## WHAT NEEDS TO BE DONE
Reproduce all the entries, matching the original word for word.

## THE INPUT
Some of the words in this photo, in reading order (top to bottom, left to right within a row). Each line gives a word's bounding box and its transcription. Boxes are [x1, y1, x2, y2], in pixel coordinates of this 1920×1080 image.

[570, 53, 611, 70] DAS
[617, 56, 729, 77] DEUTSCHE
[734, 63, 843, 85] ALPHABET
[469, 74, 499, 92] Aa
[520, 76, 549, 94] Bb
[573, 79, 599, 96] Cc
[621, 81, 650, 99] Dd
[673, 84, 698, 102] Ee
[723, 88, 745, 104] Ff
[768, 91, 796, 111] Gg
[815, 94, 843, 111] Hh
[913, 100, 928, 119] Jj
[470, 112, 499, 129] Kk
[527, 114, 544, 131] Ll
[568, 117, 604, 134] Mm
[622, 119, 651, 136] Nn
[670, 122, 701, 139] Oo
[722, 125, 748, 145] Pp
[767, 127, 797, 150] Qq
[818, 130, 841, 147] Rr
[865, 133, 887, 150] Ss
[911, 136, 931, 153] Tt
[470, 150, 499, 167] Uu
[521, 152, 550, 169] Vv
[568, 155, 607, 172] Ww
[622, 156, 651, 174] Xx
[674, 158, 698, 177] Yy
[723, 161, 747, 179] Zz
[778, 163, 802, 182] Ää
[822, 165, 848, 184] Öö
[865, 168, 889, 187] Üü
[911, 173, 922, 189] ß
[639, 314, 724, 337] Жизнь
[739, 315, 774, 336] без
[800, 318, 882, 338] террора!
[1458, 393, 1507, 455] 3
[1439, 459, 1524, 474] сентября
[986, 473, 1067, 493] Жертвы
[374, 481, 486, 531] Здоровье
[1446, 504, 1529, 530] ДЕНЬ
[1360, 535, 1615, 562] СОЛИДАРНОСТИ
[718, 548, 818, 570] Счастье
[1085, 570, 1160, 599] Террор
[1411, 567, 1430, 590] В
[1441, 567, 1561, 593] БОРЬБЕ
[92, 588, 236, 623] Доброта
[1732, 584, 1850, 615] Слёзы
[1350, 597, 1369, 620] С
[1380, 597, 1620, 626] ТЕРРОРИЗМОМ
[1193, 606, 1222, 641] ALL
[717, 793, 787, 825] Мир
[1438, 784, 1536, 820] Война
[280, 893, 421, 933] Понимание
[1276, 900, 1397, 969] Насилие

## SOLUTION FOR THIS PROBLEM
Some of the words in this photo, in reading order (top to bottom, left to right within a row). Each line gives a word's bounding box and its transcription. Boxes are [x1, y1, x2, y2], in pixel coordinates of this 1920×1080 image.

[570, 53, 611, 70] DAS
[617, 56, 729, 77] DEUTSCHE
[734, 63, 843, 85] ALPHABET
[469, 74, 499, 92] Aa
[520, 76, 549, 94] Bb
[573, 79, 599, 96] Cc
[621, 81, 650, 99] Dd
[673, 84, 698, 102] Ee
[723, 88, 745, 104] Ff
[768, 91, 796, 111] Gg
[815, 94, 843, 111] Hh
[913, 100, 928, 119] Jj
[470, 112, 499, 129] Kk
[527, 114, 544, 131] Ll
[568, 117, 604, 134] Mm
[622, 119, 651, 136] Nn
[670, 122, 701, 139] Oo
[722, 125, 748, 145] Pp
[767, 127, 797, 150] Qq
[818, 130, 841, 147] Rr
[865, 133, 887, 150] Ss
[911, 136, 931, 153] Tt
[470, 150, 499, 167] Uu
[521, 152, 550, 169] Vv
[568, 155, 607, 172] Ww
[622, 156, 651, 174] Xx
[674, 158, 698, 177] Yy
[723, 161, 747, 179] Zz
[778, 163, 802, 182] Ää
[822, 165, 848, 184] Öö
[865, 168, 889, 187] Üü
[911, 173, 922, 189] ß
[639, 314, 724, 337] Жизнь
[739, 315, 774, 336] без
[800, 318, 882, 338] террора!
[1458, 393, 1507, 455] 3
[1439, 459, 1524, 474] сентября
[986, 473, 1067, 493] Жертвы
[374, 481, 486, 531] Здоровье
[1446, 504, 1529, 530] ДЕНЬ
[1360, 535, 1615, 562] СОЛИДАРНОСТИ
[718, 548, 818, 570] Счастье
[1085, 570, 1160, 599] Террор
[1411, 567, 1430, 590] В
[1441, 567, 1561, 593] БОРЬБЕ
[92, 588, 236, 623] Доброта
[1732, 584, 1850, 615] Слёзы
[1350, 597, 1369, 620] С
[1380, 597, 1620, 626] ТЕРРОРИЗМОМ
[1193, 606, 1222, 641] ALL
[717, 793, 787, 825] Мир
[1438, 784, 1536, 820] Война
[280, 893, 421, 933] Понимание
[1276, 900, 1397, 969] Насилие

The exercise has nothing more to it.